■ **Aim of the task**:
Every record below should be copied exactly, with the pictures left out.

Free-text object descriptions
* * * * * * *
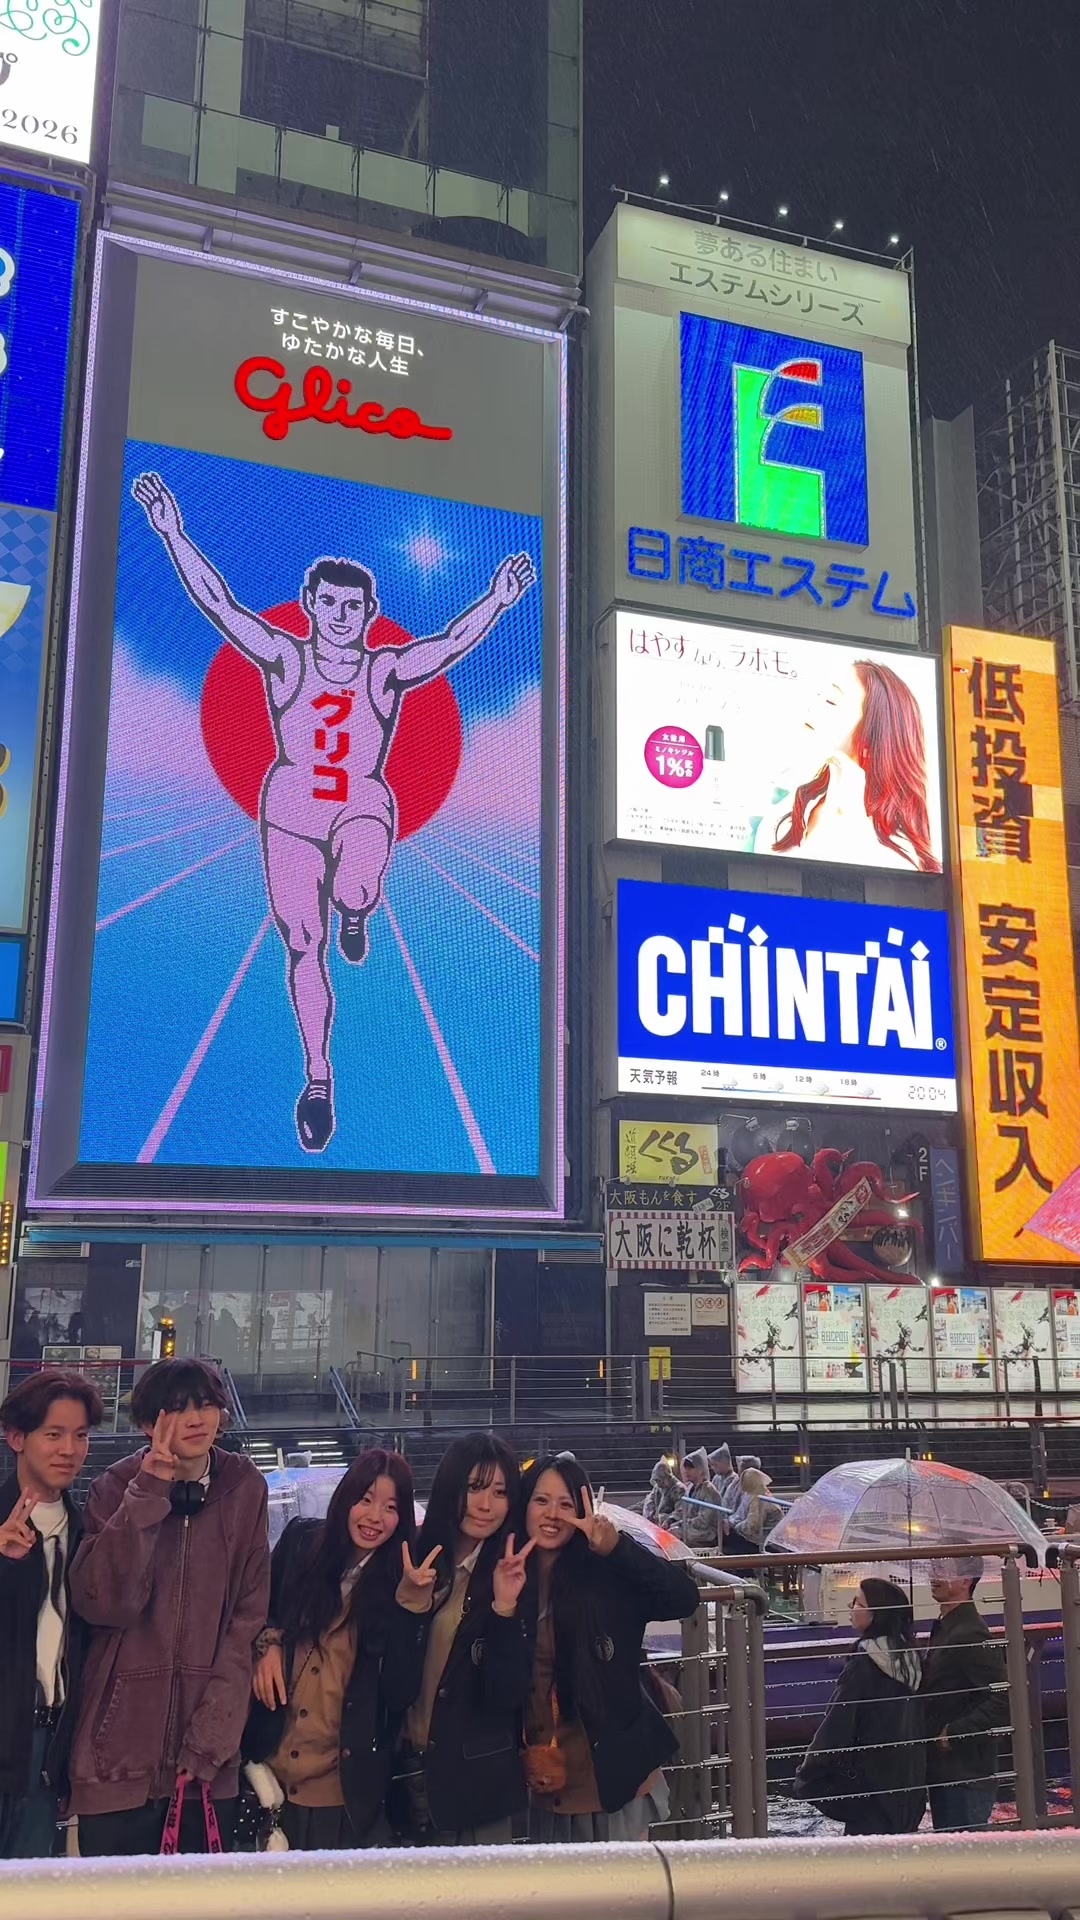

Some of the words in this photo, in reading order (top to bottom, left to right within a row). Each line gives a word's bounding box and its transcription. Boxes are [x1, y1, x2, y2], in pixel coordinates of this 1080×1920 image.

[694, 229, 838, 282] 夢ある住まい
[669, 261, 864, 326] エステムシリーズ
[270, 307, 425, 358] すこやかな毎日、
[281, 332, 410, 376] ゆたかな人生
[234, 356, 453, 441] Glico
[628, 526, 918, 620] 日商エステム
[310, 688, 355, 803] グリコ
[979, 902, 1053, 1194] 安定収入
[629, 1068, 678, 1086] 天気予報
[638, 1129, 699, 1176] くくる
[918, 1146, 929, 1182] 2F
[609, 1188, 697, 1207] 大阪もんを食す
[615, 1220, 717, 1260] 大阪に乾杯
* * * * * * *
■ **Task solution**:
Some of the words in this photo, in reading order (top to bottom, left to right within a row). Each line gives a word's bounding box and its transcription. Boxes are [x1, y1, x2, y2], in pixel coordinates of this 1080×1920 image.

[694, 229, 838, 282] 夢ある住まい
[669, 261, 864, 326] エステムシリーズ
[270, 307, 425, 358] すこやかな毎日、
[281, 332, 410, 376] ゆたかな人生
[234, 356, 453, 441] Glico
[628, 526, 918, 620] 日商エステム
[310, 688, 355, 803] グリコ
[979, 902, 1053, 1194] 安定収入
[629, 1068, 678, 1086] 天気予報
[638, 1129, 699, 1176] くくる
[918, 1146, 929, 1182] 2F
[609, 1188, 697, 1207] 大阪もんを食す
[615, 1220, 717, 1260] 大阪に乾杯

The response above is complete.